Torry’s Top Ten: Thoughts about my COVID-19 vaccine

by Torry Stiles

  1. Since getting I’ve been hit with several text messages from the Covid Mafia. I get less spam after writing back to one of those Nigerian princes. 
  2. The shot was barely noticeable. The lack of a lollipop afterwards left me feeling like I’d been gypped. 
  3. Brought back memories. The last time I had been to a big box store at 6 a.m. was to try and buy some Power Rangers. 
  4. I had to fill out a questionnaire and list my current medical issues. With all I put on there I don’t think it mattered. They were just being nosy. 

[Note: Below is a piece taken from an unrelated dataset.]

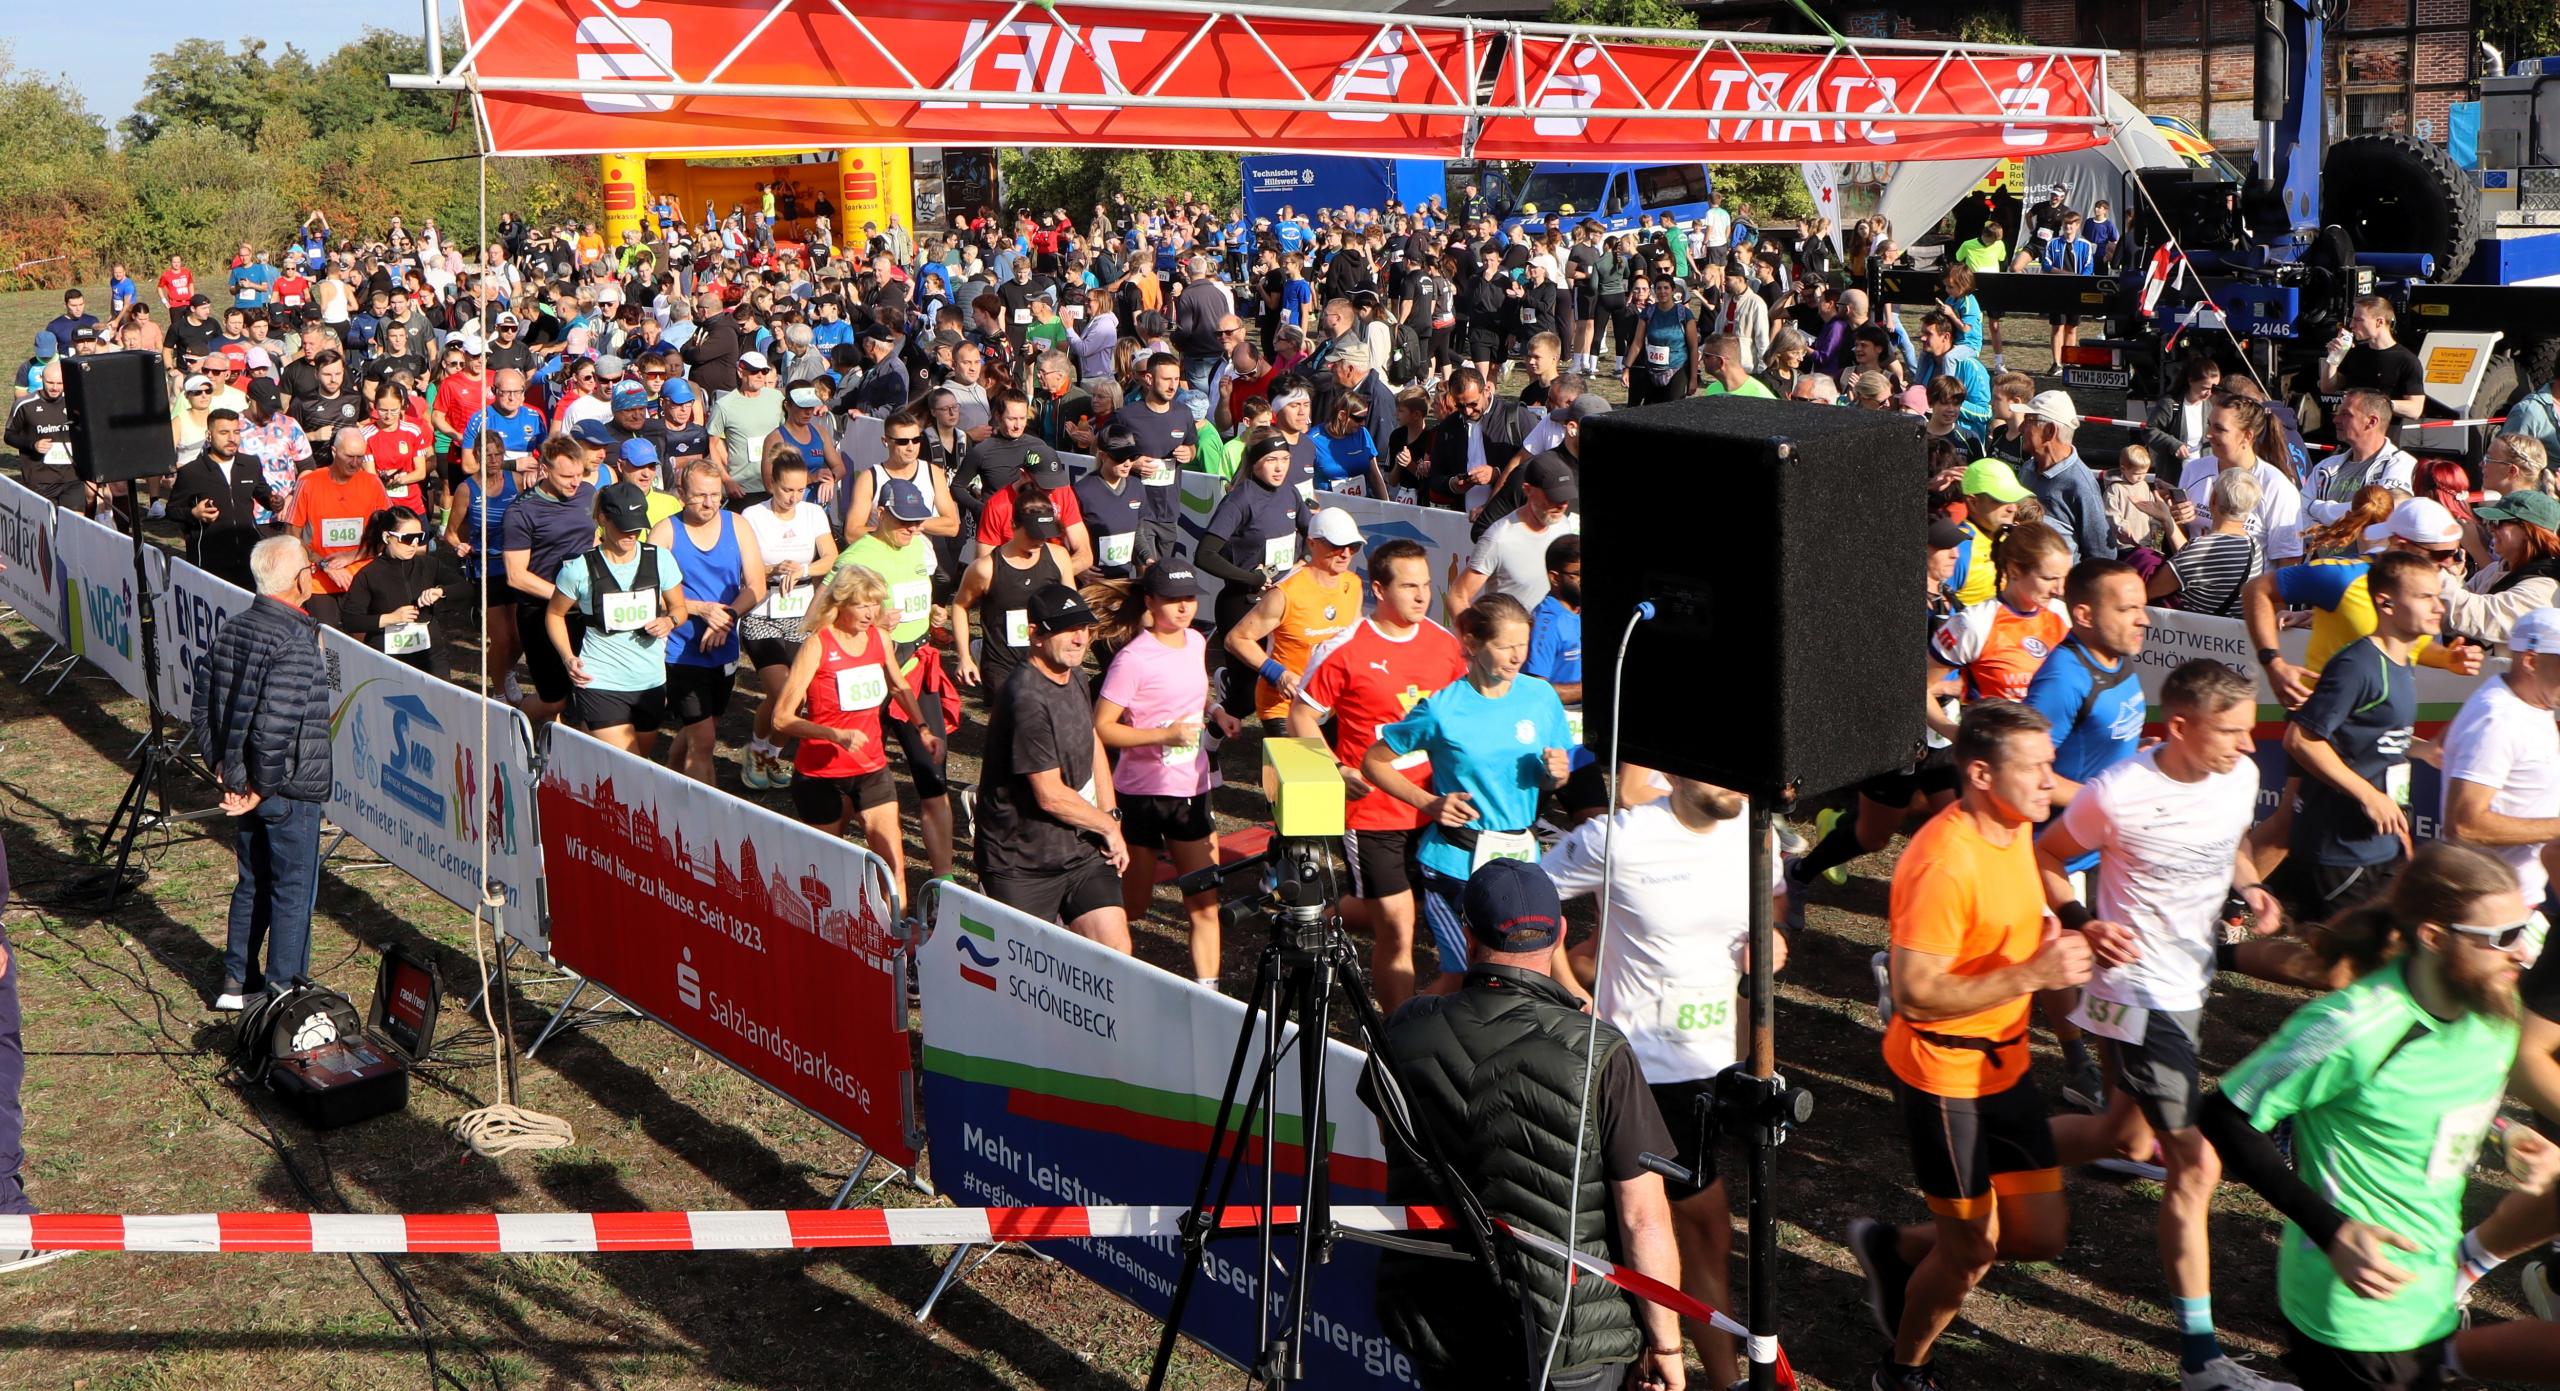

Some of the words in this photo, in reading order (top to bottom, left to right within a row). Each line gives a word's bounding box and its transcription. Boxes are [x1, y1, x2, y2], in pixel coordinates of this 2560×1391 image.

  5. If you scream at just the right time the pharmacist squirts Covid juice all over the place. 
  6. I got my shot in a local big box store. I kept imagining if we still had Kmart there’d be a Blue Light Special and I’d get both shots for one price.  
  7. After the shot I had to hang out for 15 minutes in case I passed out or something. After looking at the other people around me I so wanted to do my best zombie impersonation. 
  8. There were more possible side-effects listed than symptoms I had when I caught the ‘Rona. 
  9. The brochure with the shot repeatedly tells you that it isn’t USDA or FDA approved. Somewhere out there is a crazy aunt with her collection of essential oils saying, “ I told you so.”
  10. I can’t tell you which big store hosted my inoculation but I think you could figure it out. They had one line open.